What did this tell us about motivating readers of Stikky Weight Management? It told us to have readers focus on the process of making the changes they choose to make. Since Stikky books are in three parts and readers are asked to leave one week gaps between them, we effectively had two opportunities to ask the reader to make changes and then have them evaluate themselves a week later.

Process aspects we used were:
  • Substituting one food for another
  • Comparing Nutrition Fact labels in a store
  • Choosing from a restaurant menu
  • 'Tactics' such as stop eating when you're full
  • And taking light exercise when the opportunity arises (eg, park at the far end of the car park and walk).
We also included some outcome-based arguments, primarily because they are so compelling that it would have been bizarre to leave them out. But they are not tested or re-enforced later in the book whereas all the process items above are.

We chose not to ask readers to imagine themselves as thin and we chose not to make a diet sound like a one-off project with a single outcome.

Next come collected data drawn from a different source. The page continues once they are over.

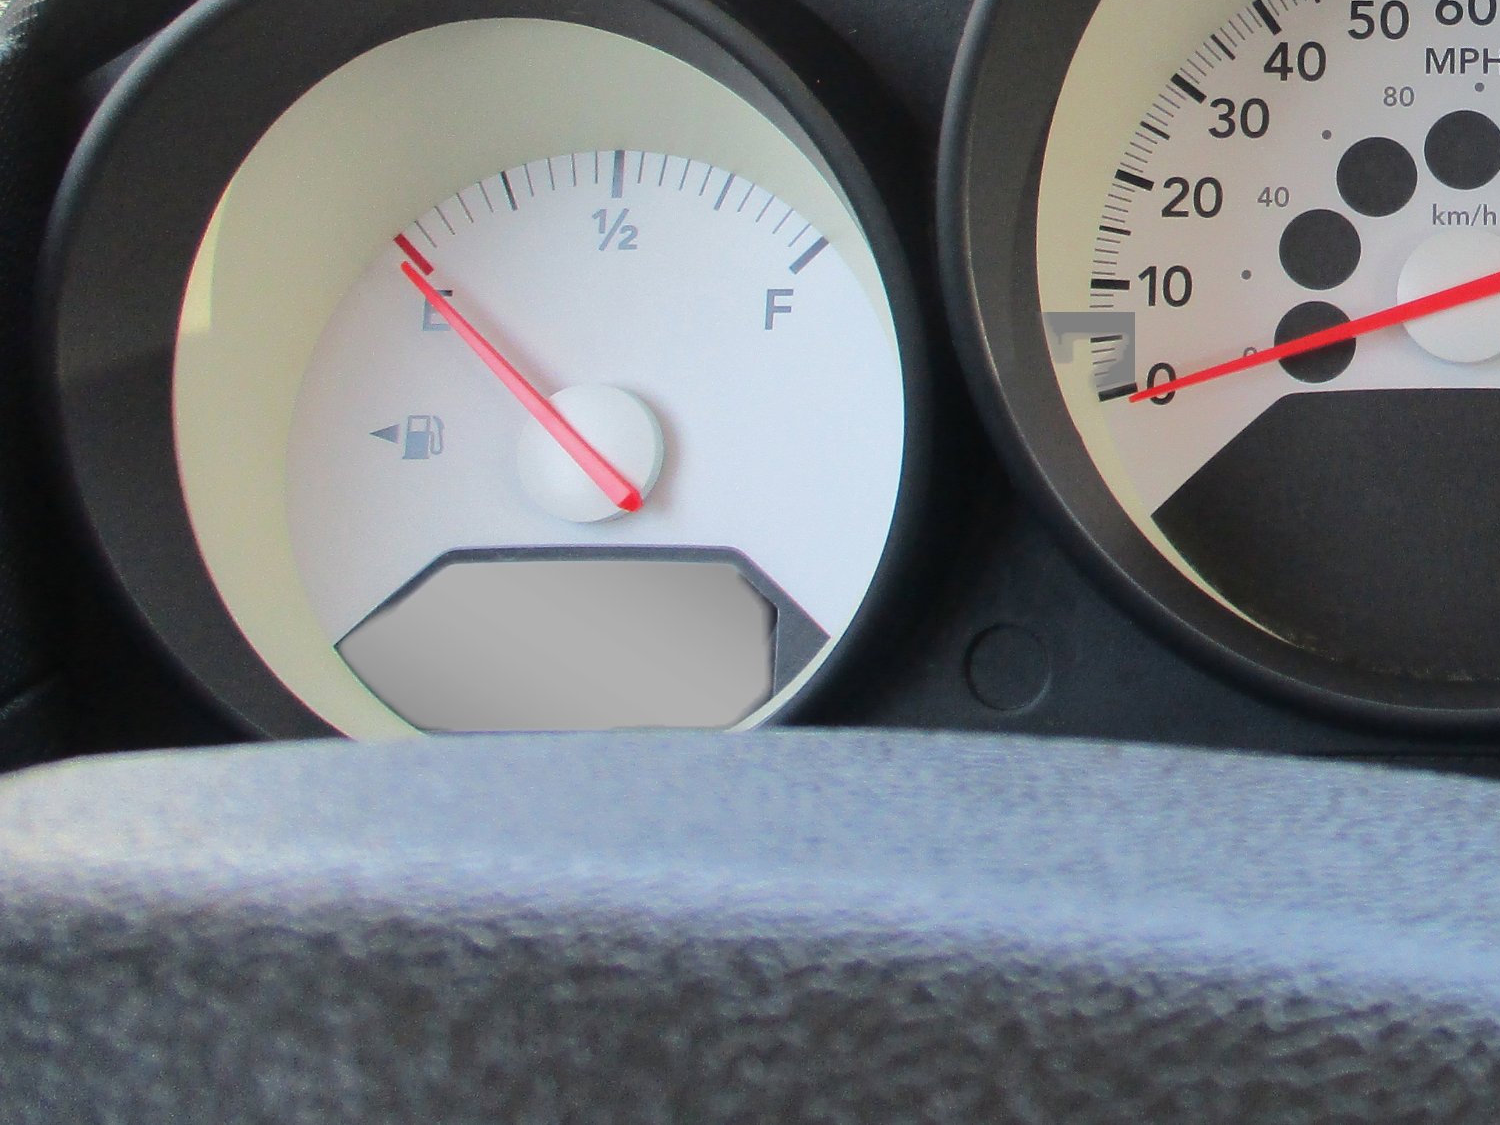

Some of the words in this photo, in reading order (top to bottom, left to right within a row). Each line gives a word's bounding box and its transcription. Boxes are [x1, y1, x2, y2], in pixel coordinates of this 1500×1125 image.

[1347, 0, 1410, 40] 50
[1263, 41, 1327, 82] 40
[1383, 86, 1415, 107] 80
[1208, 97, 1270, 139] 30
[1161, 176, 1223, 219] 20
[1257, 186, 1290, 208] 40
[1432, 203, 1498, 227] km/h
[1138, 265, 1193, 308] 10
[422, 288, 454, 331] E
[764, 288, 795, 331] F
[1146, 362, 1177, 406] 0
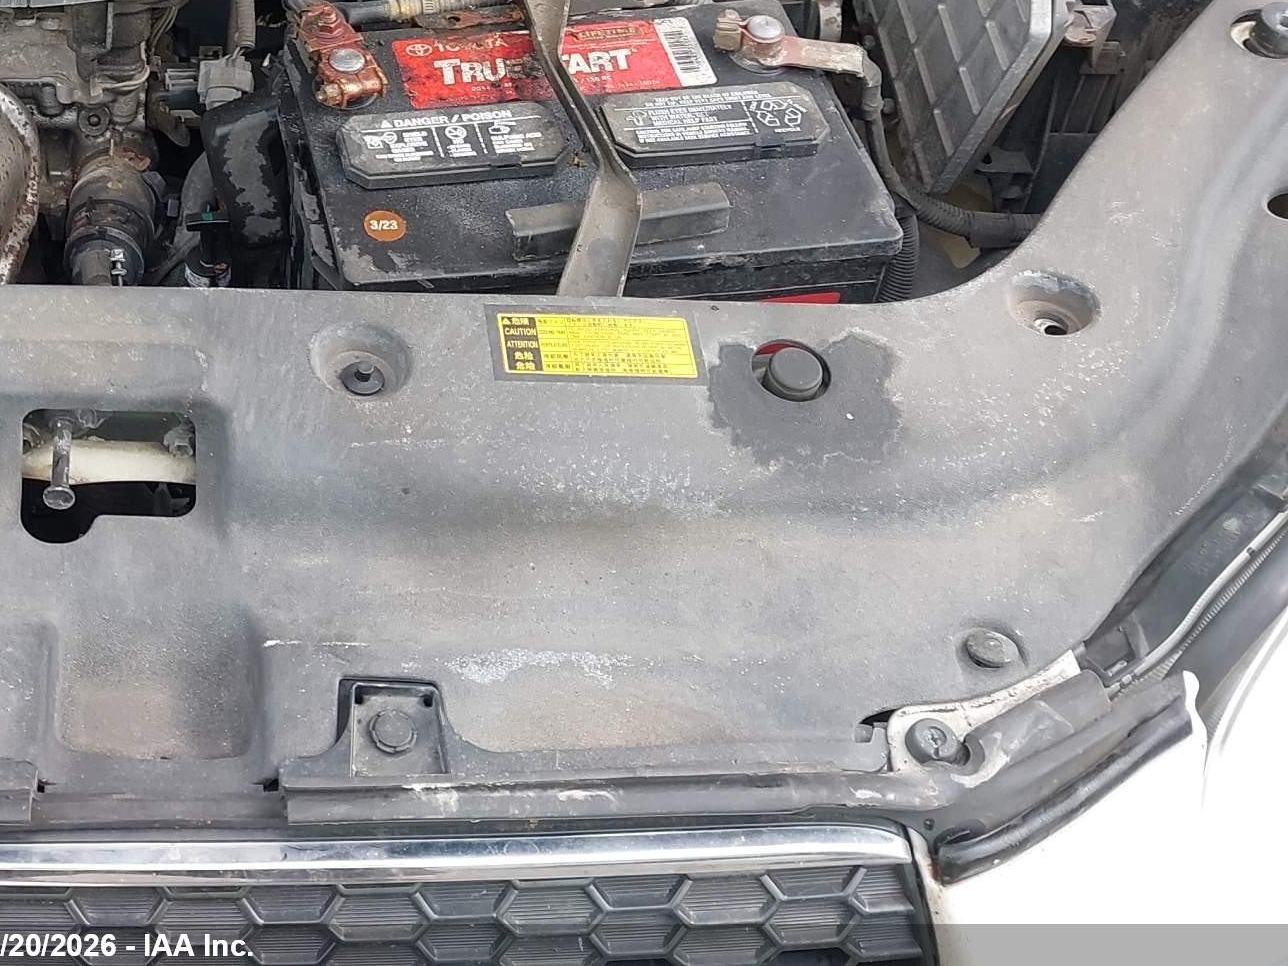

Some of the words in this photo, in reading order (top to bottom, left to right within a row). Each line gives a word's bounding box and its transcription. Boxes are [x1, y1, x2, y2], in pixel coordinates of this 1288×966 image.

[393, 116, 449, 127] DANGER
[461, 109, 513, 122] POISON
[370, 219, 399, 231] 3/23
[504, 327, 537, 336] CAUTION
[506, 340, 539, 349] ATTENTION
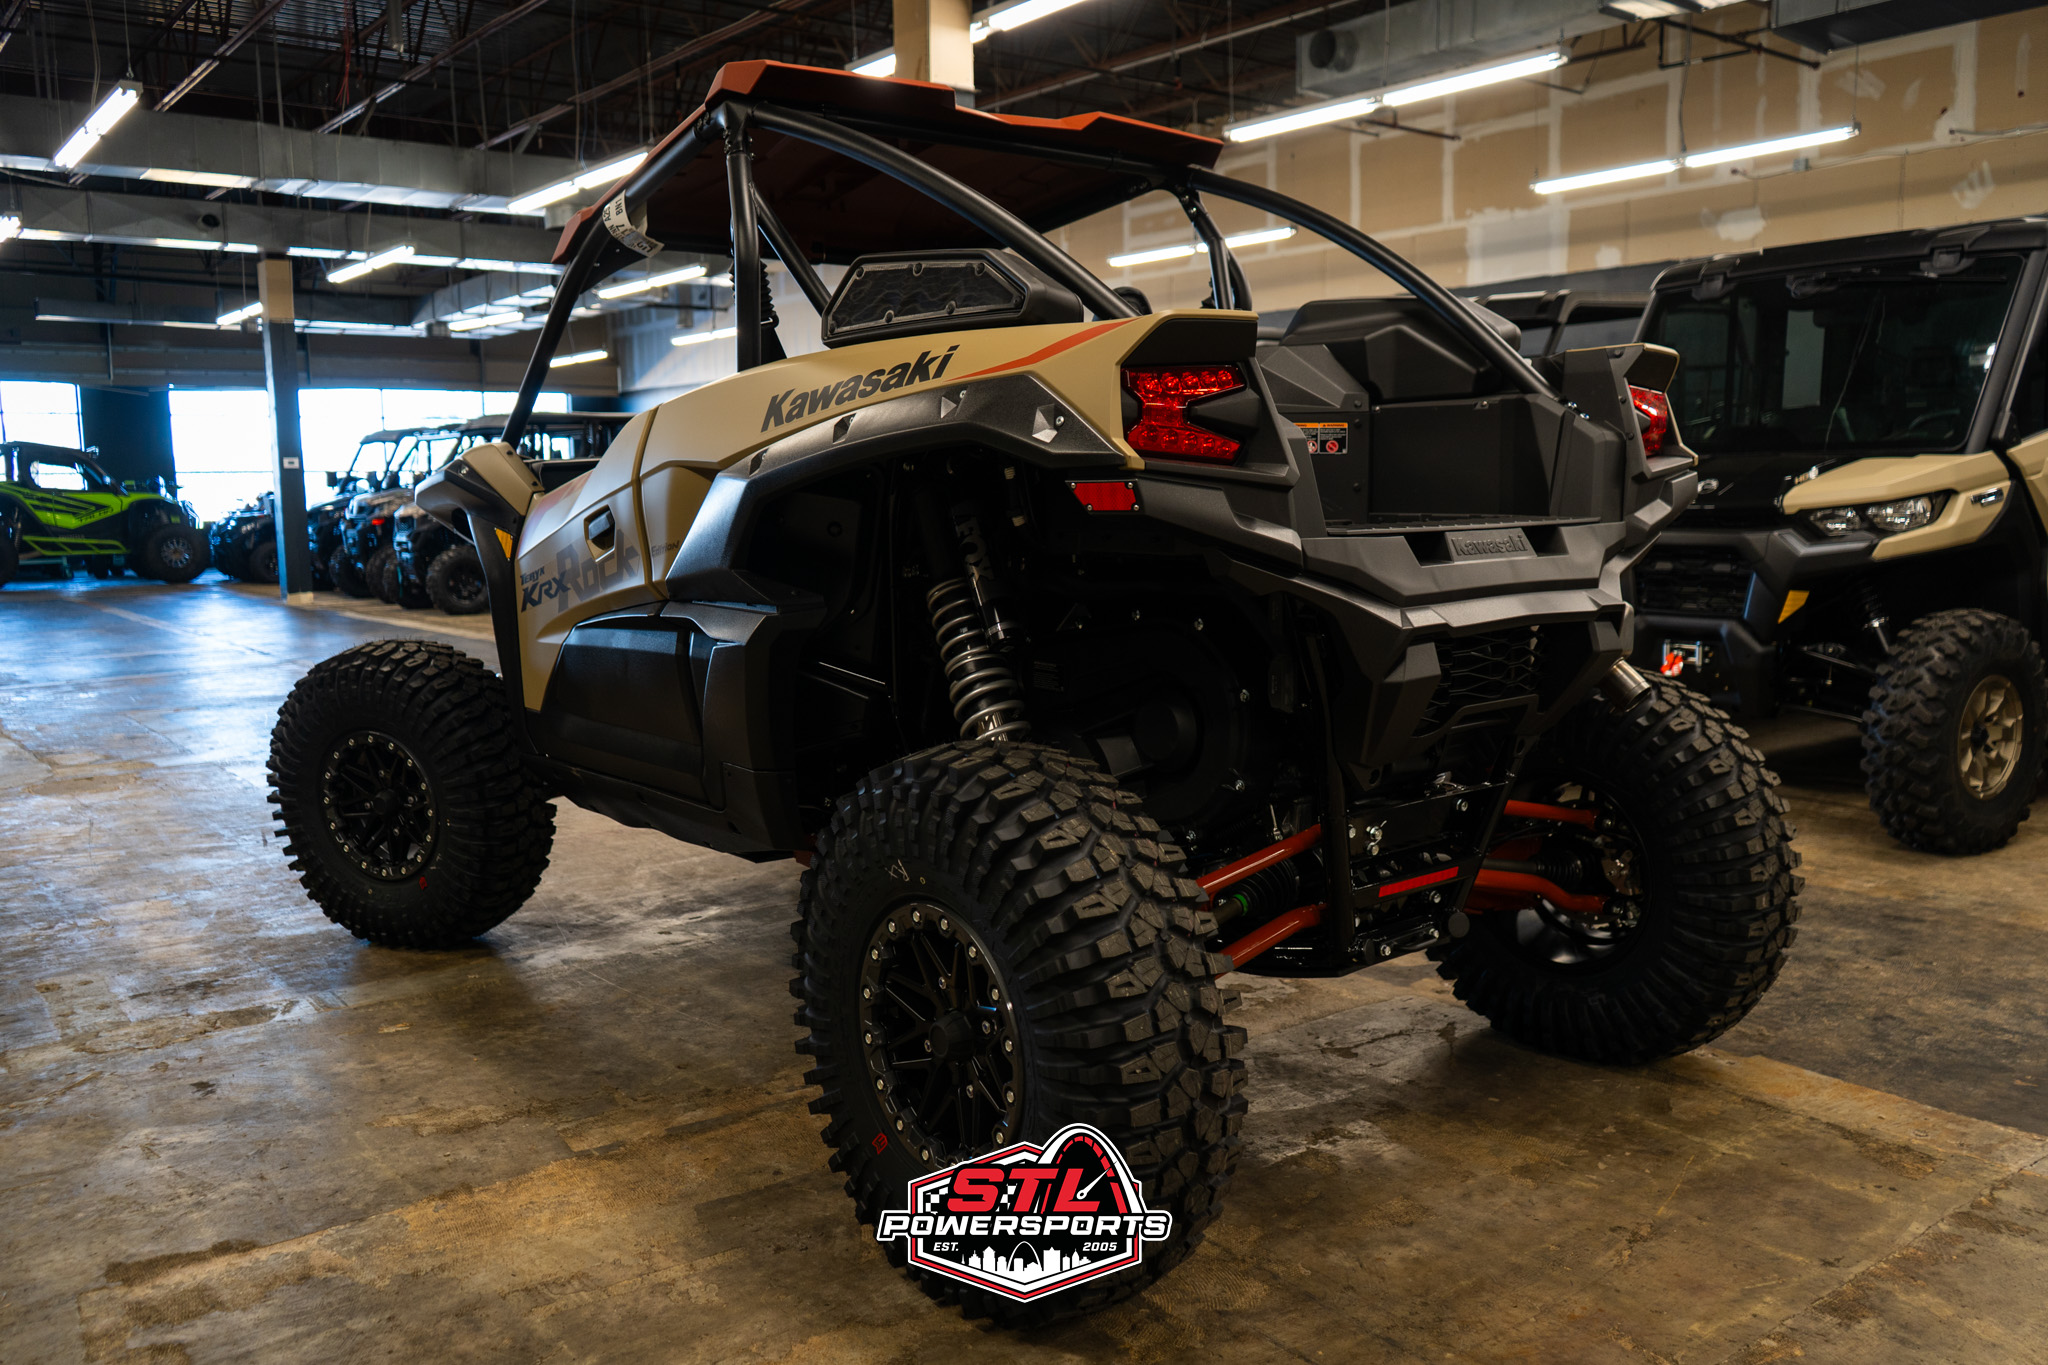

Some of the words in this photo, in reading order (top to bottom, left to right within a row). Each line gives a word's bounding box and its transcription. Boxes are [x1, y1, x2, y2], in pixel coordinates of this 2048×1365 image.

[760, 344, 961, 433] Kawasaki
[1450, 534, 1529, 556] Kawasaki
[521, 577, 571, 613] KRX

Unlike most diet books we also chose not to include recipes (which made sense in the 1960s when most meals were cooked at home); and not to talk in detail about human biology.

References

P M Gollwitzer, H Heckhausen, and H Ratajczak (1990), 'From weighing to willing: Approaching a change decision through pre- or postdecisional mentation', Organizational Behavior and Human Decision Processes, 45, 41-65

S E Taylor and L B Pham, 'Mental Stimulation, Motivation, and Action' in Peter M Gollwitzer and John A Bargh, The Psychology of Action, The Guilford Press.